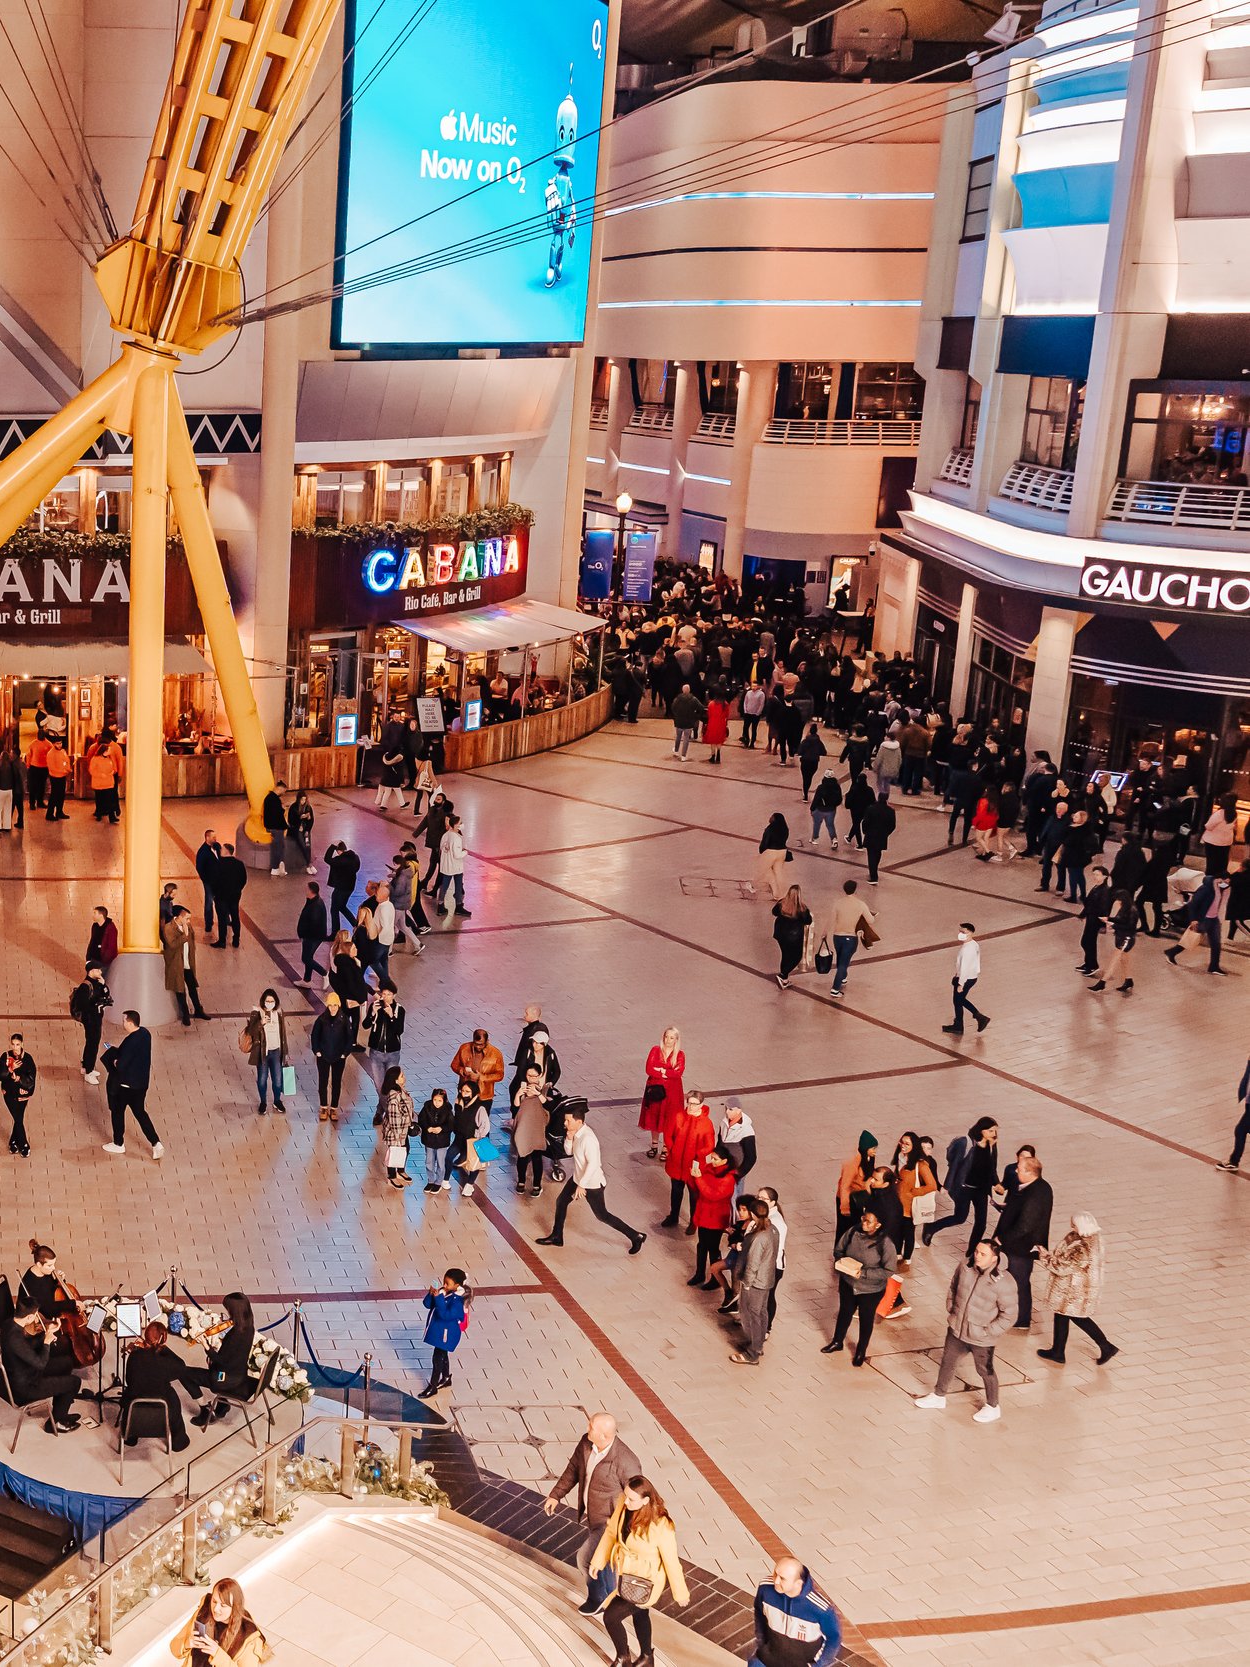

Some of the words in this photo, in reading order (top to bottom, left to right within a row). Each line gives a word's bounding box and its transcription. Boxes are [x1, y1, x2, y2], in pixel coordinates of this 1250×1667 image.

[592, 19, 602, 60] O2
[458, 111, 517, 147] Music
[420, 149, 473, 182] Now
[476, 156, 502, 183] on
[506, 156, 526, 194] O2
[361, 534, 520, 593] CABANA
[404, 595, 419, 611] Rio
[420, 592, 441, 608] Café,
[442, 590, 458, 606] Bar
[458, 589, 465, 603] &
[465, 585, 481, 602] Grill
[1081, 564, 1250, 611] GAUCHO
[14, 609, 27, 625] &
[30, 609, 61, 625] Grill

# # # # #

What you will do
An exact copy of every entry above is required, without the pictures.

Response
Some of the words in this photo, in reading order (top to bottom, left to right within a row). Each line gives a word's bounding box and its transcription. Boxes are [x1, y1, x2, y2], in pixel coordinates of this 1250×1667 image.

[592, 19, 602, 60] O2
[458, 111, 517, 147] Music
[420, 149, 473, 182] Now
[476, 156, 502, 183] on
[506, 156, 526, 194] O2
[361, 534, 520, 593] CABANA
[404, 595, 419, 611] Rio
[420, 592, 441, 608] Café,
[442, 590, 458, 606] Bar
[458, 589, 465, 603] &
[465, 585, 481, 602] Grill
[1081, 564, 1250, 611] GAUCHO
[14, 609, 27, 625] &
[30, 609, 61, 625] Grill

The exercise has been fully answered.